Last Updated: 15th January, 2020
Hack Back Bill: Two years earlier, The Active Cyber Defense Certainty Act (ACDC), as well regarded as the ‘hack back‘ bill, had first been introduced by two United States representatives. To establish it concisely, the proposed Hack Back Bill would provide a defense to companies that are victims of fraud, allowing them to conduct an aggressive defensive action beyond the traditional “detect and report” mode we operate in today where self-defense is ‘clearly justified.’ The Hack Back Bill is still in discussion and if passed, it would also amend the Computer Fraud and Abuse Act.
Companies must be aware of the deeper implications of this complicated Hack Back Bill and understand that having the right security policies, programs and tools in place to properly secure data is still the best line of defense.
If any ambiguity remains in this Hack Back Bill, companies may end up throwing gasoline on their own fire by unknowingly overstepping their legal bounds and as a result, experience themselves facing issues of fraud or even a lawsuit.
Hack Back Bill: Drink From The Firehose
As we have seen with the implementation of GDPR, interpretation, case law and industry adoption take time.
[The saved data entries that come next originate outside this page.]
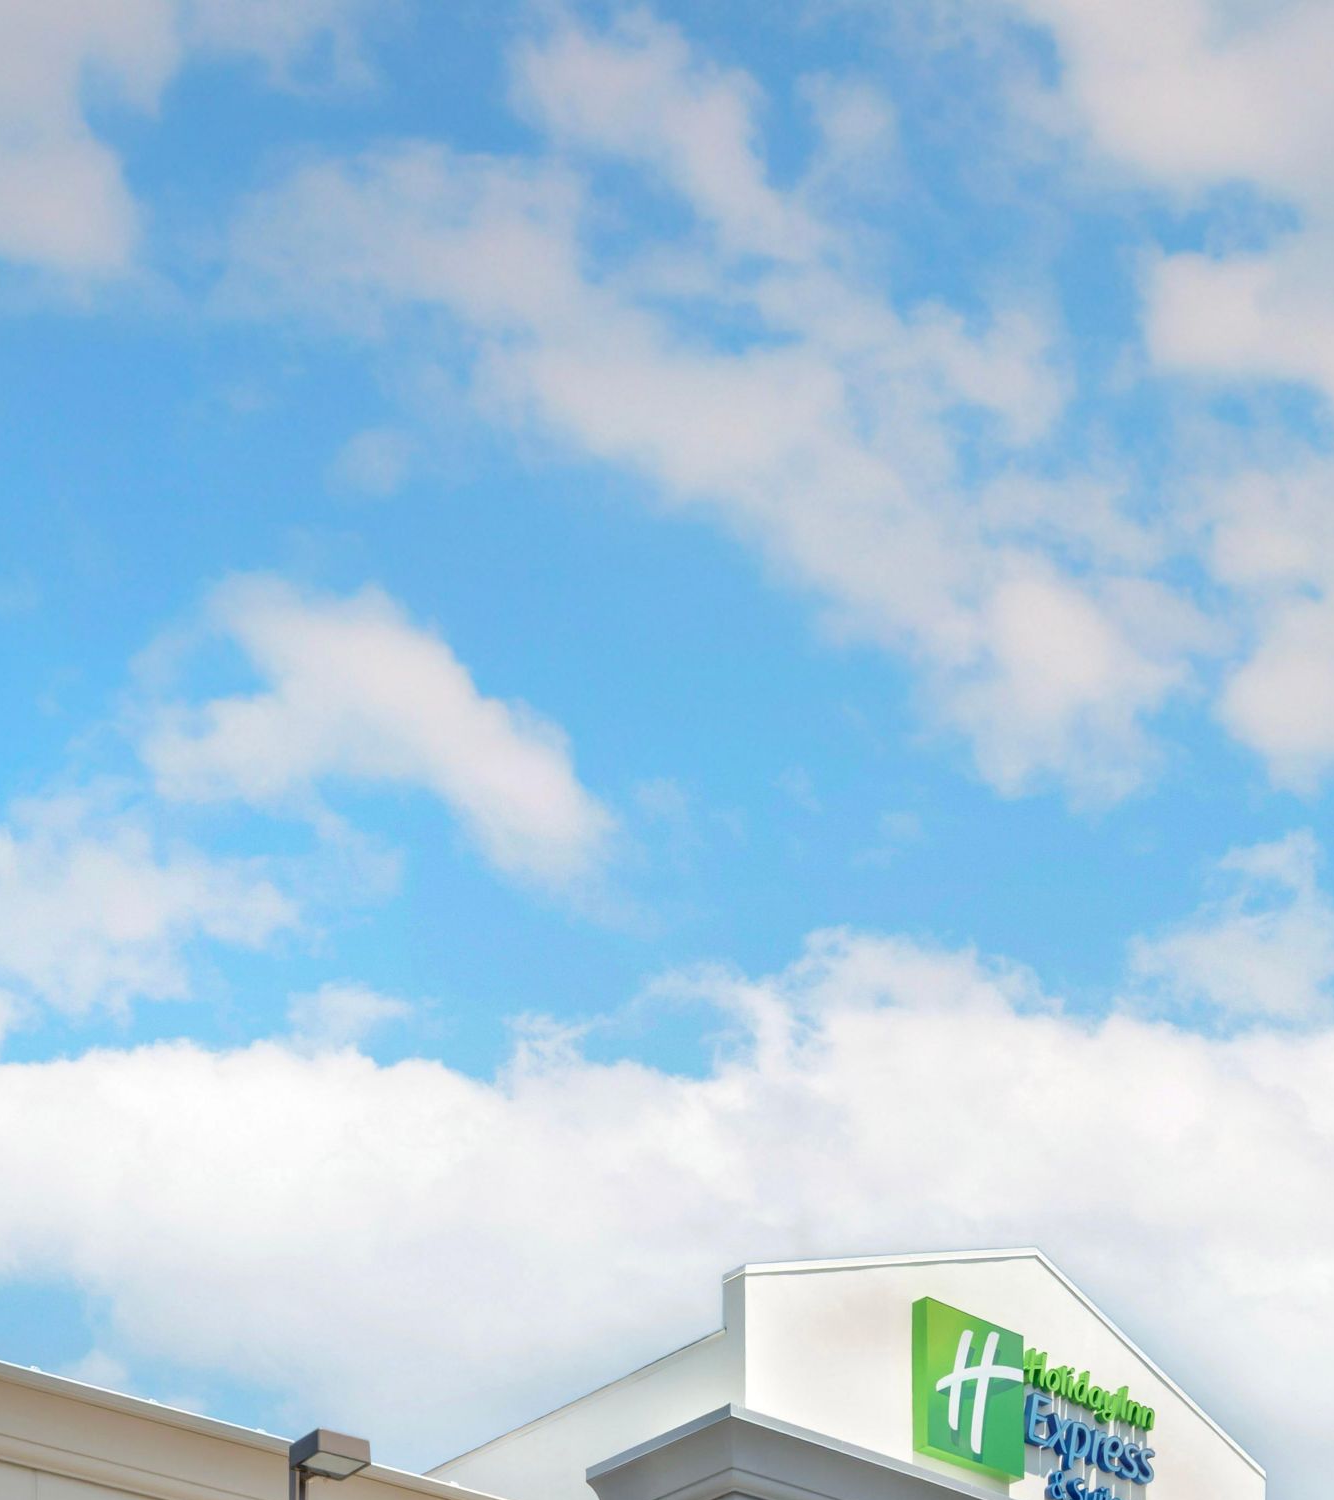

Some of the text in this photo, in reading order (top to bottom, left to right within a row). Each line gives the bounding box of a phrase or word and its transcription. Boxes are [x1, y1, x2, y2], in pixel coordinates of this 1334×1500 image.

[1024, 1348, 1156, 1432] Holiday Inn
[1024, 1392, 1156, 1486] Express
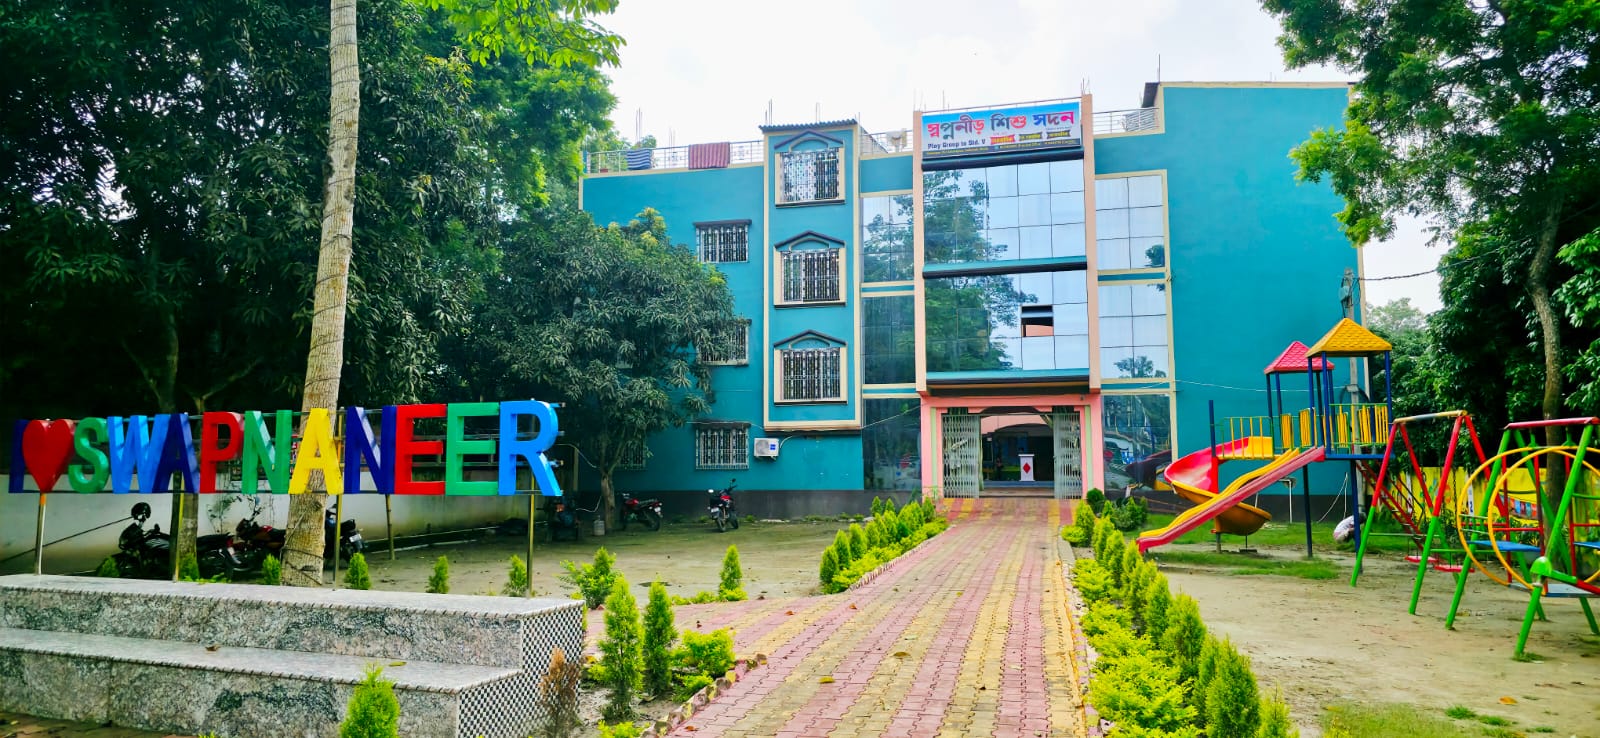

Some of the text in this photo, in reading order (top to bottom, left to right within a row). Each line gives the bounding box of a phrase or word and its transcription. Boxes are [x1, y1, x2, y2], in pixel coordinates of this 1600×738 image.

[927, 114, 985, 140] স্বপ্ননীড়
[990, 113, 1027, 131] শিশু
[1032, 111, 1075, 127] সদন
[942, 141, 960, 149] Group
[68, 400, 562, 497] SWAPNANEER
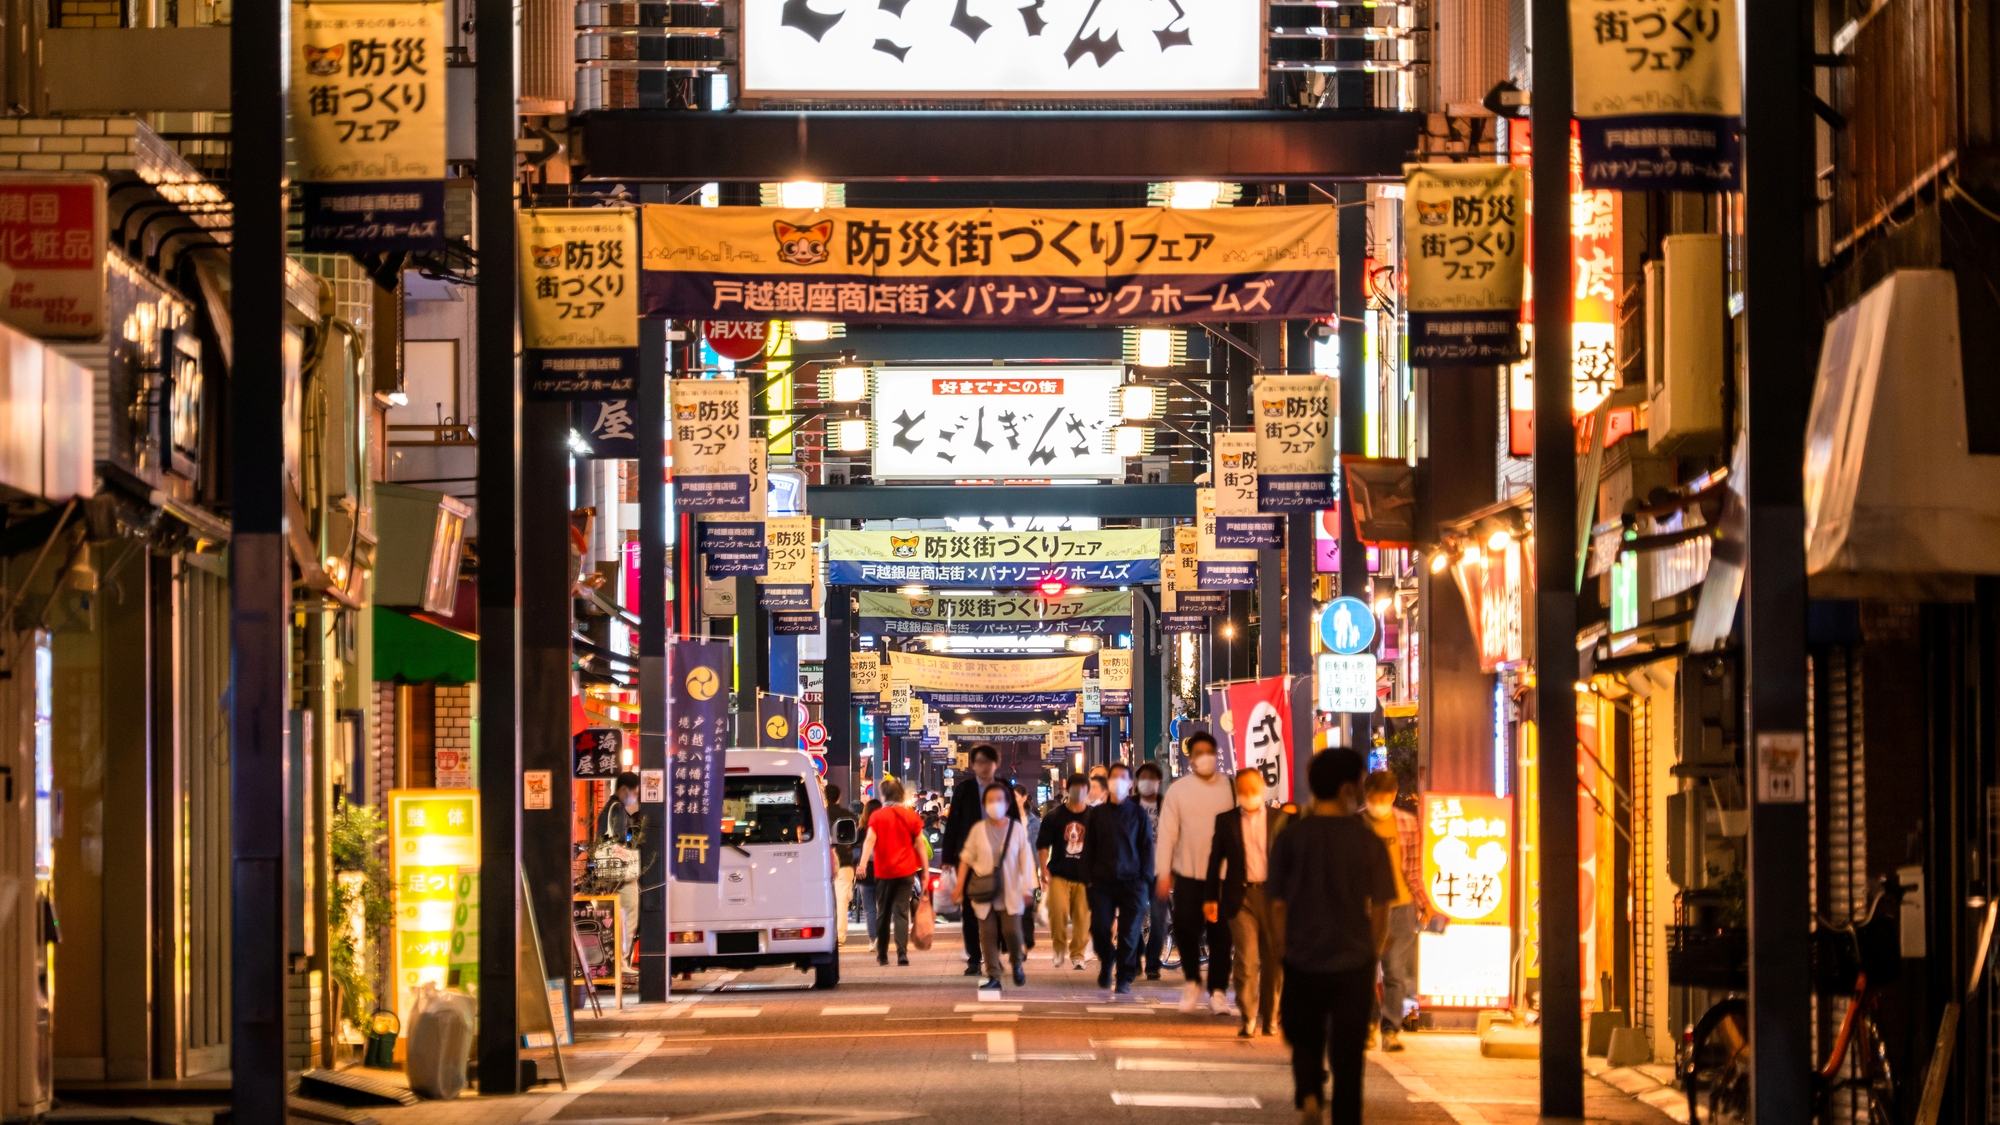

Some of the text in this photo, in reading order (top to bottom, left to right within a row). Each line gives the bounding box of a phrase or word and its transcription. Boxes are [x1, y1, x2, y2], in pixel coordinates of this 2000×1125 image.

In the dialect of supplemental bills, it seems like there’s a lack of clarity, particularly the case while they have been until now in draft form.
In Representative Graves’ (who reintroduced the Hack Back Bill to the United States Congress) own words: “Justifiable defense in instances under which self-defense is explicitly justified for this kind of access.”
This brings up the moral debate if you are allowed to execute the robber because they are committing a crime and you are frightened or do you have to wait for the robber to first shoot you to take action?
The concept of standing your ground is unique in every state, and as such, every company might possess a unique understanding of what “self-defense” means.
As the constitutional boundaries are not, however defined, in case law, primary adopters will need to protect themselves through legal interpretation ahead of time, strong rules of engagement and embrace vertical best practices if something were to go wrong.
When these uncertainties exist, a rapid adoption of active defense could land their company in the middle of the proper battle of disambiguating.
While hacking back allows companies to actively defend themselves, this will likely also be accompanied with the responsibility to appropriately report to law enforcement.
It is completely conceivable that companies will assimilate extremely valuable information about the way in which cyber-criminals are targeting United States organizations, or about the identity of these cyber-criminals, and it is critical that information be shared with the appropriate channels.
If not, companies could purposefully withhold information about the way in which criminals are targeting a specific sector in hopes their competitors fall under attack.
Any company that chooses to take on hacking back should be required to report all findings. Additionally, a training or certification program should be required for all companies that decide to hack back and ensure the appropriate parties are in the know.
Hack Back Bill: Fire Risk Assessment
If the Hack Back Bill passes, companies that fall under attack will need to weigh their options to hack back carefully. Underneath are some considerations companies should keep in mind:
- What are you expecting to happen through active defense? This might be an incredibly complicated and expensive undertaking, so enterprises need to decide on a transparent, specific goal, particularly since the investment put to hacking back might be put rather to implement enhanced security control to counteract attacks in the future. Attackers are thoroughly versed in their attack methods, so figuring out who is unquestionably behind the keyboard and computer screen is well-nigh impossible. The open defensive response might be disadvantageous to a vulnerable passage by the victims unintentionally used as a hostage.
- How credible is this specificity, as well as how foolproof remain beacons? Blunt defensive approaches may build on the presumption that the allocation will indeed be dependable, but the infrastructure of beacons will eventually be savaged by sophisticated adversaries as hackers constantly can come up with ways to deactivate or diffuse them.
- Does your enterprise do enough to secure its cyber-hygiene? Most data breaches occur because of simple security mistakes such as asset management, patching, security testing and incident response. Your organization should be confident that all security controls are mature before investing in active defense. Hacking back is an extreme mature form of security and until you undergo the fundamentals in place, you are probably not well-equipped to take on the new beast.
The present defense bill affords companies current constitutional grounds to defend themselves, but there is, nevertheless, a lot to consider and preparations to be made.
Before diverting funds towards hack back activity, organizations should think about more prudent ways to drive that maturity, such as implementing an outsourced basic hygiene, using automation based adversarial emulation to develop confidence in their defenses then shift to advanced defense capabilities like active defense and deception.
By continually testing security controls, organizations can clearly identify and remediate security issues before they result as a critical problem.